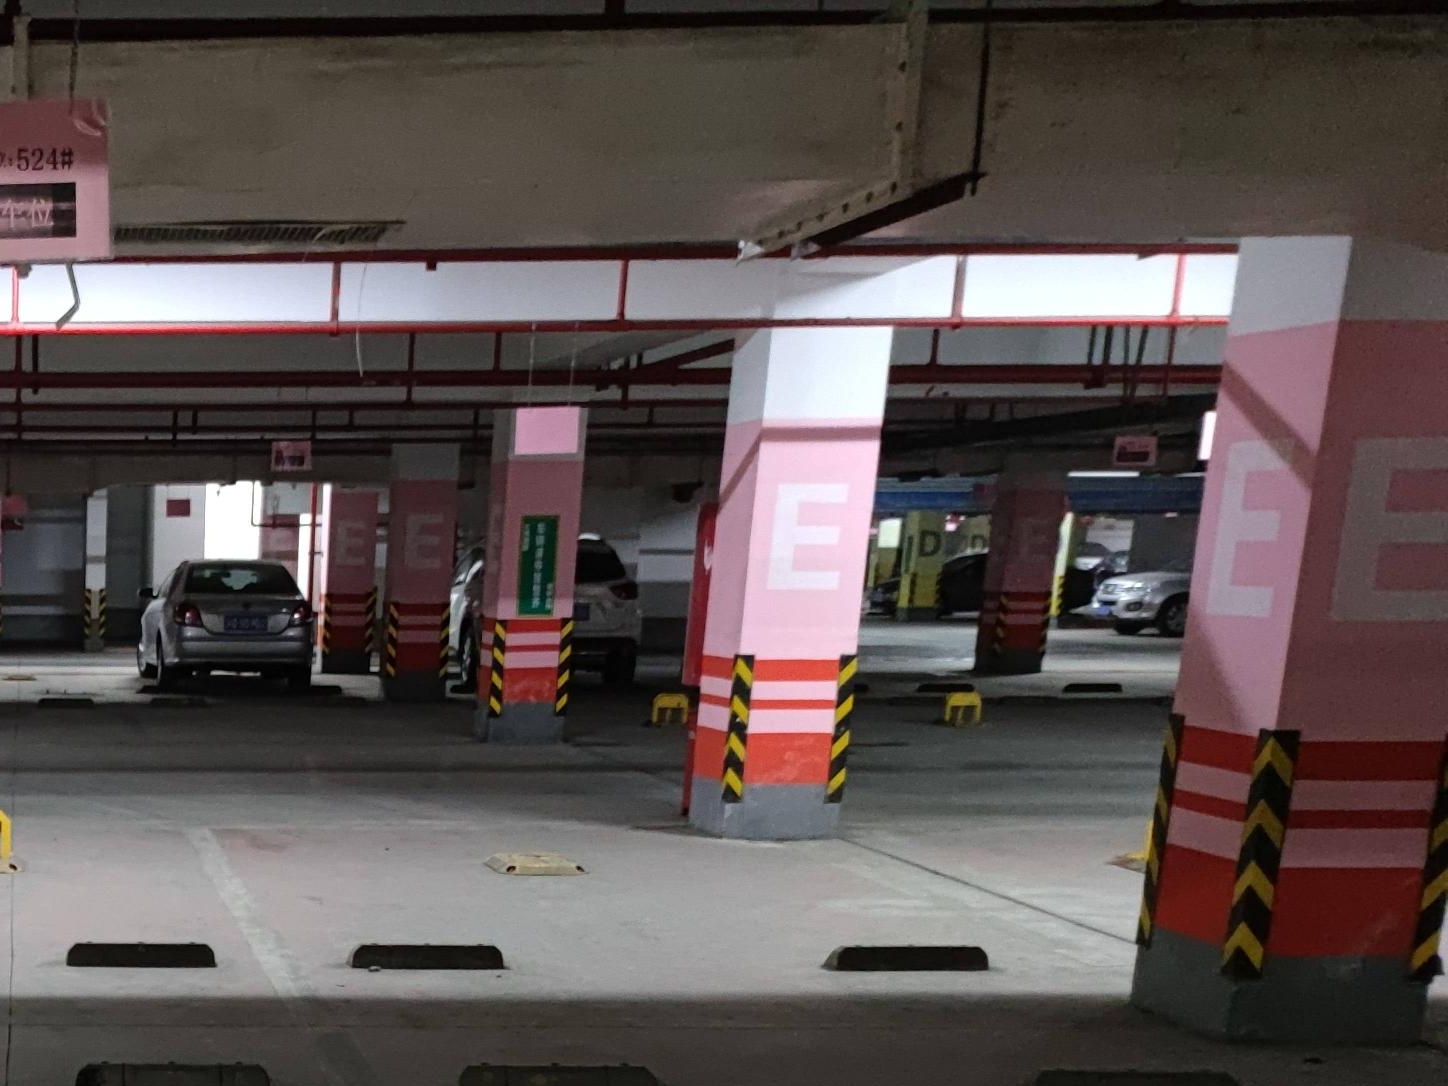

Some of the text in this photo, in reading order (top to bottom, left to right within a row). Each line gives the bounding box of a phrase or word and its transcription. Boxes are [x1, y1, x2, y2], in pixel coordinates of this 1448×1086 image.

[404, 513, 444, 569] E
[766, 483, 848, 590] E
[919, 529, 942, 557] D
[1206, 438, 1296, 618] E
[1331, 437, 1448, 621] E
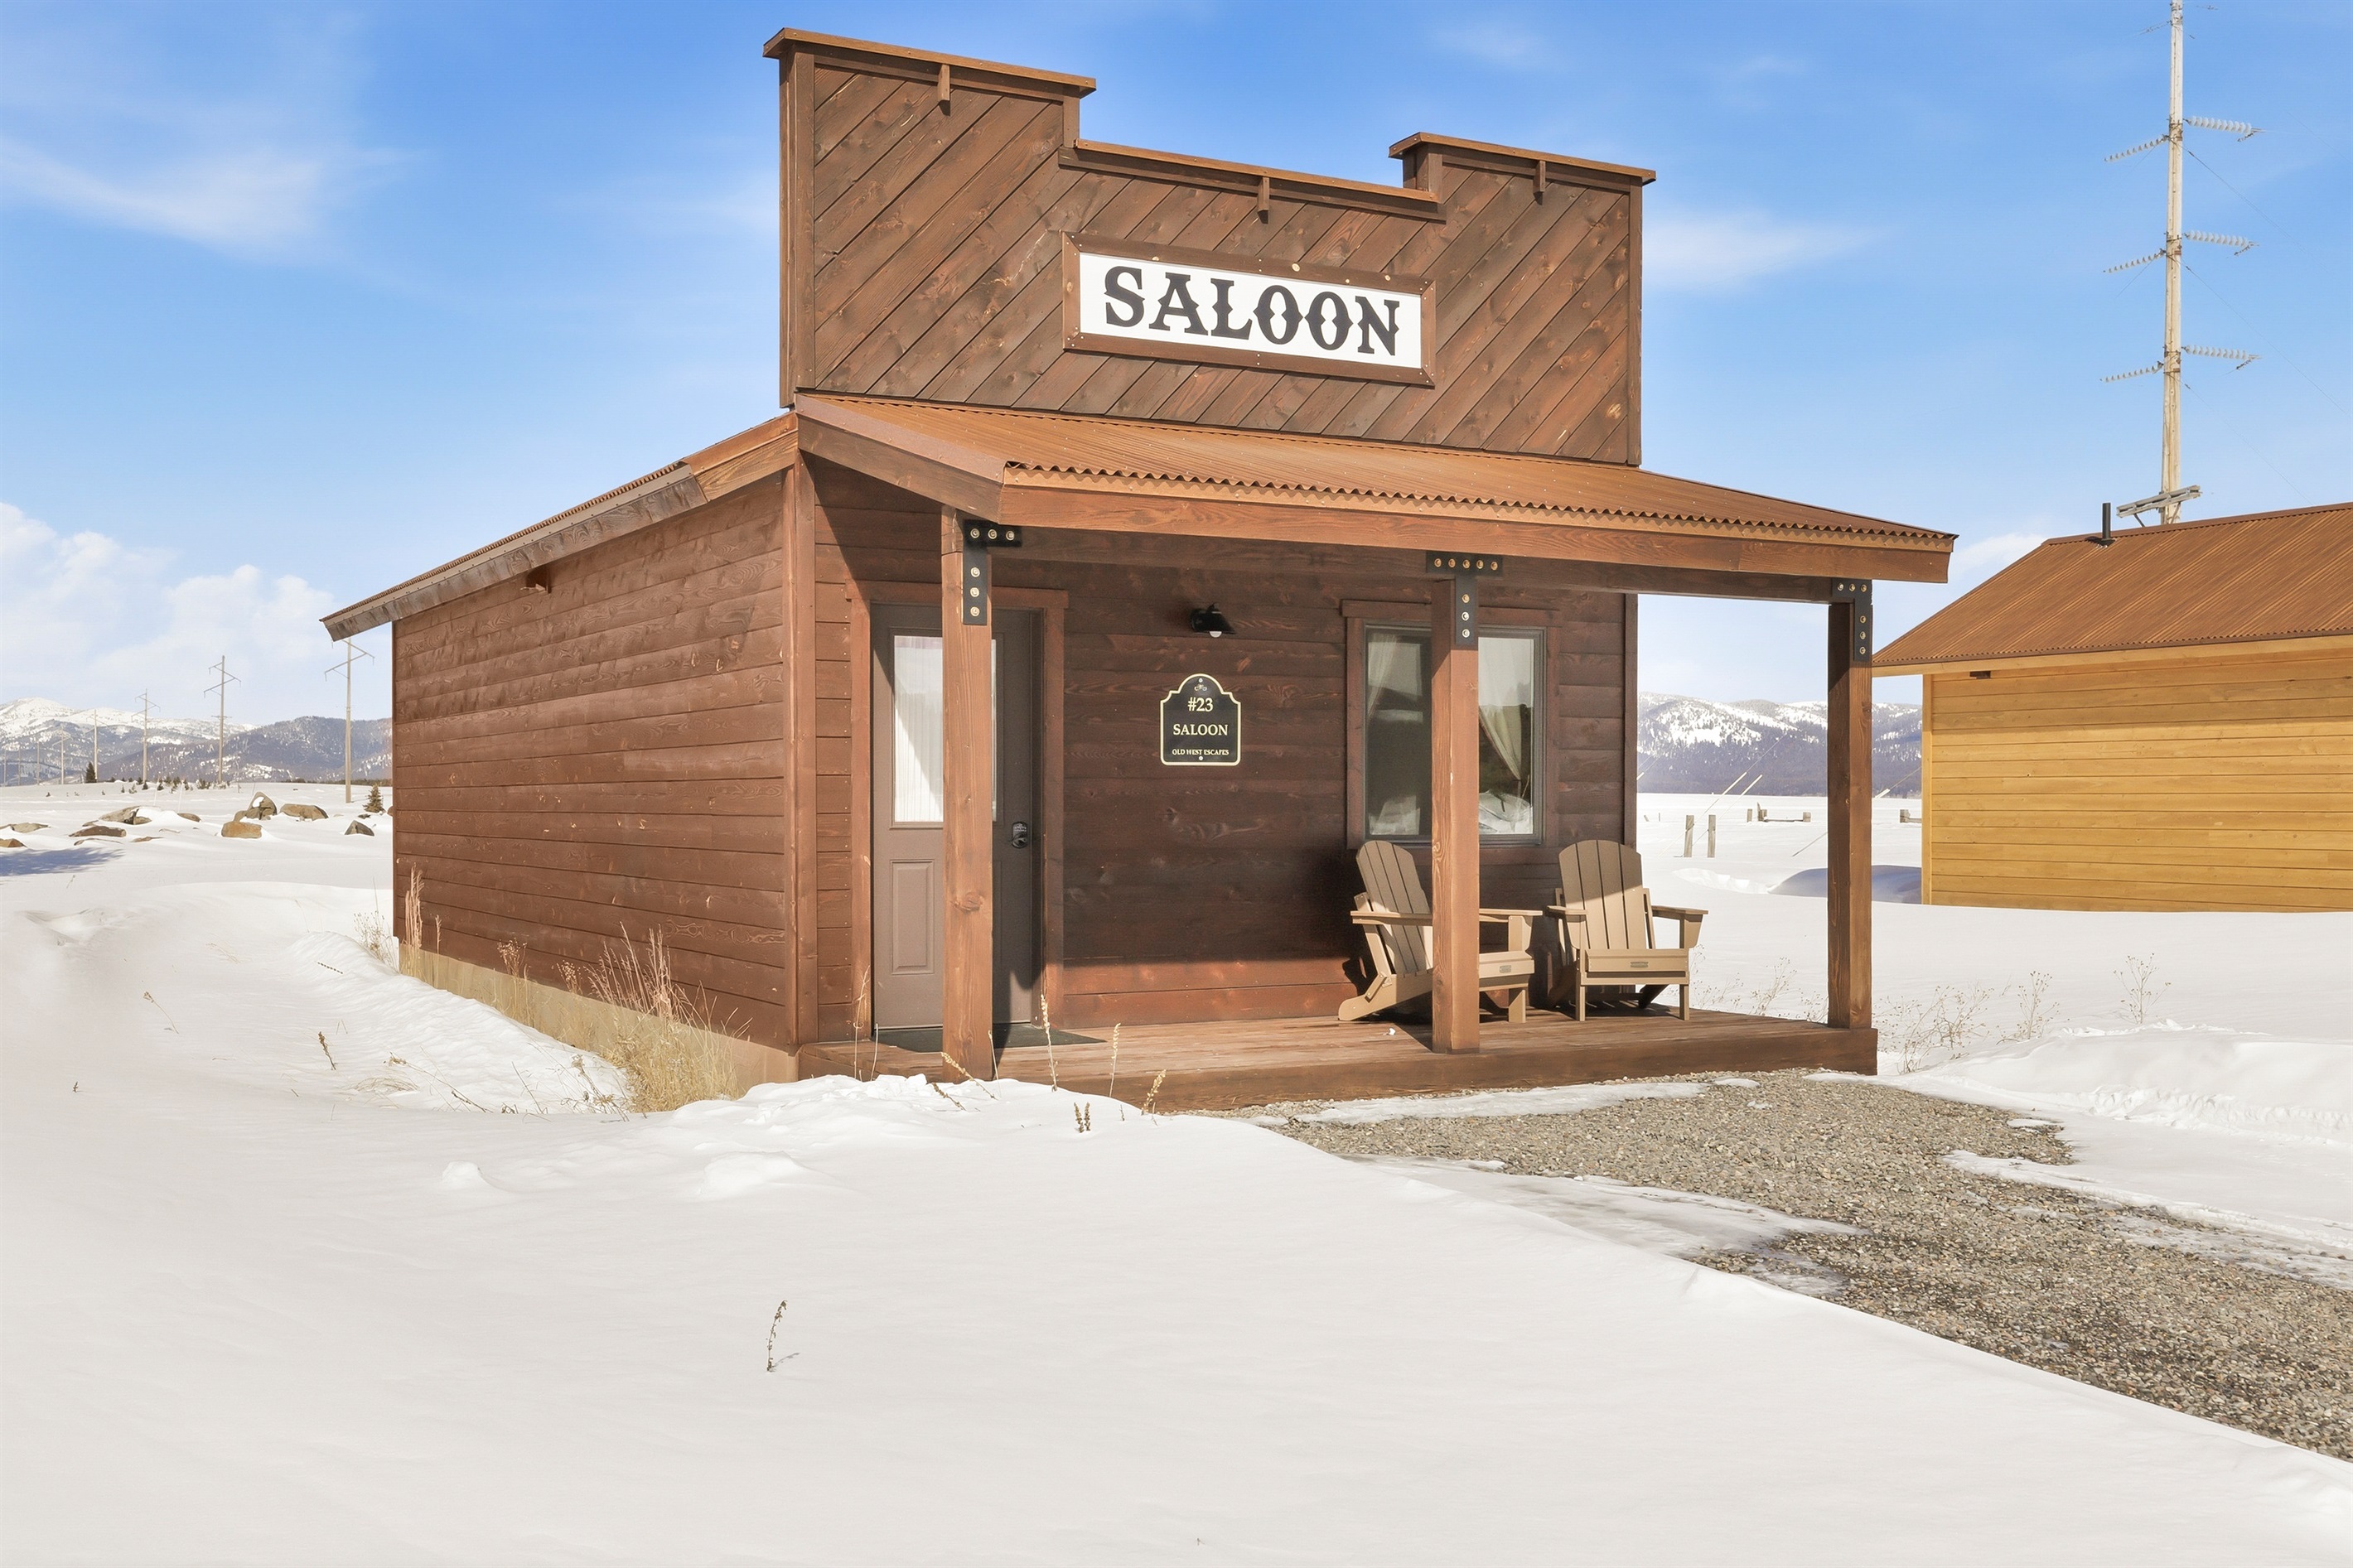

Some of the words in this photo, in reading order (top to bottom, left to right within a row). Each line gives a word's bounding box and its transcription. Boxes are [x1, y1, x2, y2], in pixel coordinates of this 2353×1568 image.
# # # # # # #
• WHAT YOU HAVE TO DO
The reply must hold each line of the records verbatim and no pictures.

• EXERCISE SOLUTION
Some of the text in this photo, in reading order (top to bottom, left to right within a row). Each line gives the bounding box of a phrase or word and its transcription. Boxes are [x1, y1, x2, y2], in pixel coordinates of this 1448×1086 image.

[404, 513, 444, 569] E
[766, 483, 848, 590] E
[919, 529, 942, 557] D
[1206, 438, 1296, 618] E
[1331, 437, 1448, 621] E

Some of the words in this photo, in reading order (top to bottom, left to right within a row). Each line gives a word's bounding box and its transcription. Boxes are [x1, y1, x2, y2], in pixel coordinates of this 2353×1568 image.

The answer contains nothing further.